If he's going to talk the talk, Canonical needs to walk the walk. And with LibreOffice, Canonical walked away from corporate management of the codebase and embraced open co-development. Mark can't have his cake and eat it to, try as he might. Canonical showed real leadership in how quickly they embraced Libreoffice.
And he still gets the details of the Qt copyright assignment history wrong. Qt had a BSD relicense nuclear option for like a decade+ tied to its dual licensing model. If the open development tree closed down, a non-profit entities had the authority to relicense the last available open development codebase as BSD. That is a _huge_ offset against bad faith proprietary re-licensing. He continues to gloss over that history when holding up Qt.
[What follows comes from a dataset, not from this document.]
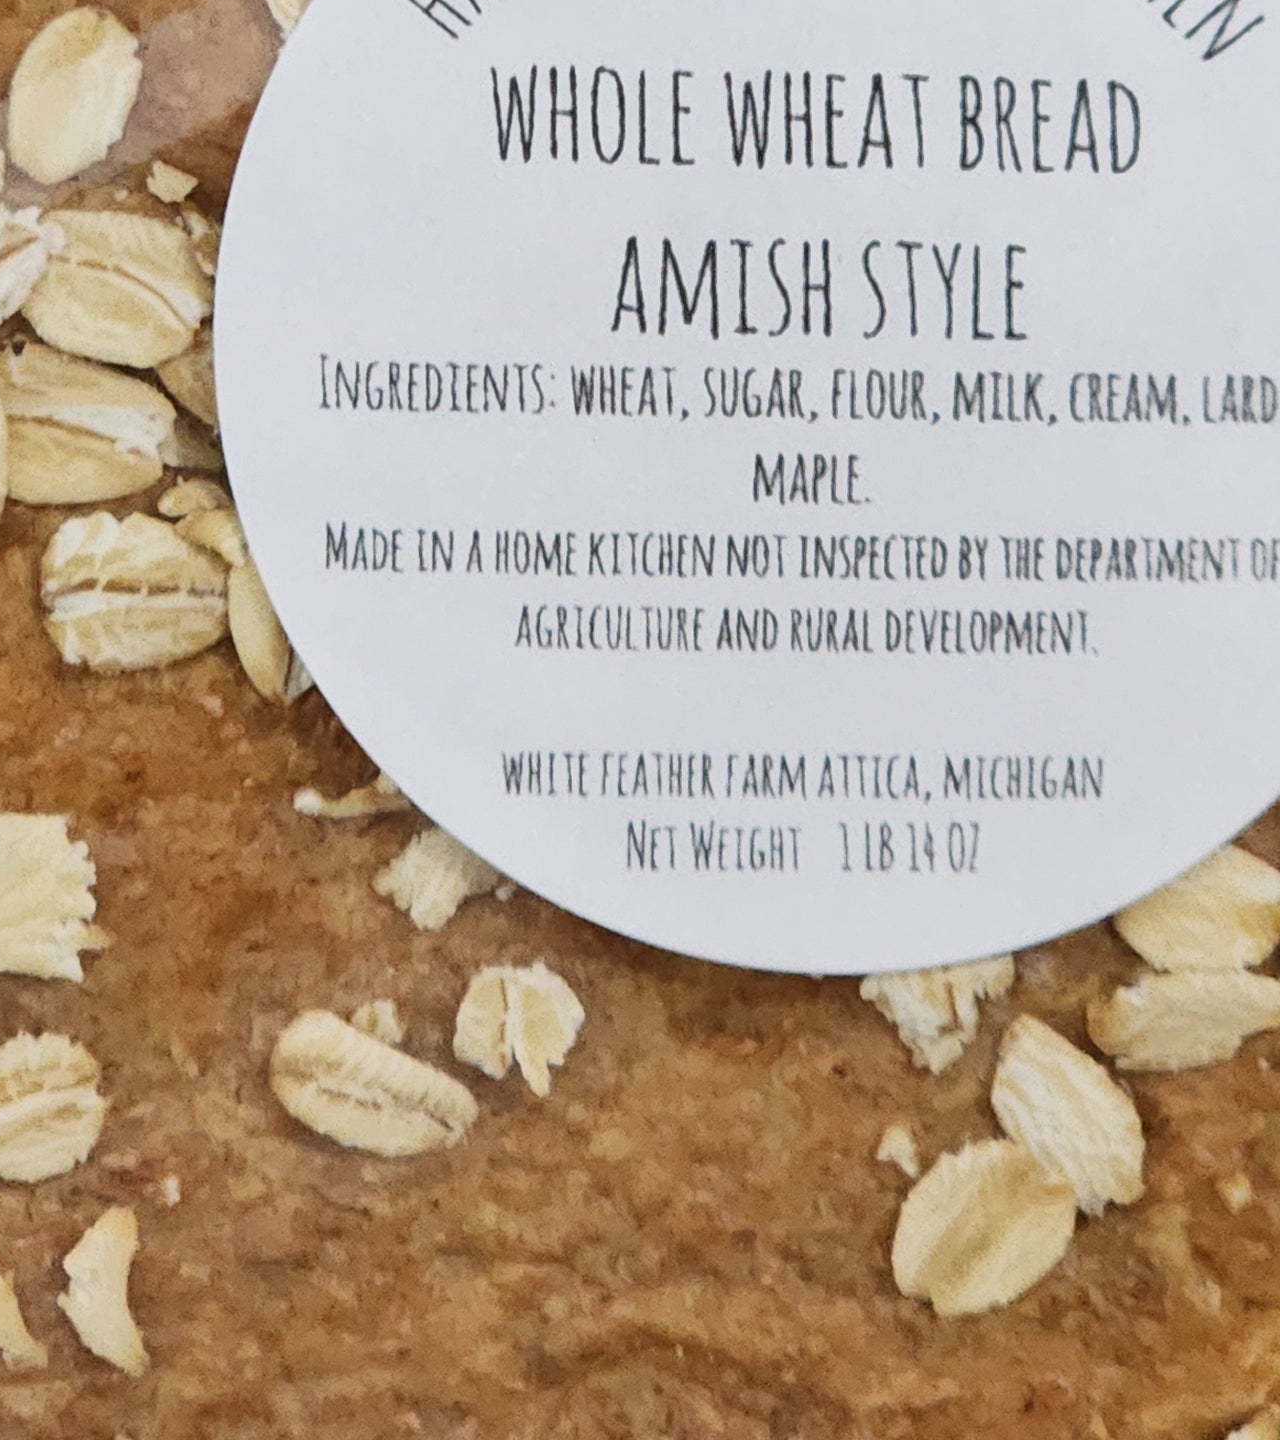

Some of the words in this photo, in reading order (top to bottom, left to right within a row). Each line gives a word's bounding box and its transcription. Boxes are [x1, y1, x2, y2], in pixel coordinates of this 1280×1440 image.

I've even said that Qt's nuclear option seemed like a fair trade-off to protect long term contributor interests. More disturbingly I don't believe the Harmony drafts make room for that sort of creative long term balance of interests..at least not explicitly. So if anything Harmony may push that sort of pragmatic balance of corporate and contributor business interests off the table as a future model for engagement.
Shuttleworth is not one to let little things like "facts" get in the way of his goals to craft perception and opinion towards the ends that best suit his personal interests.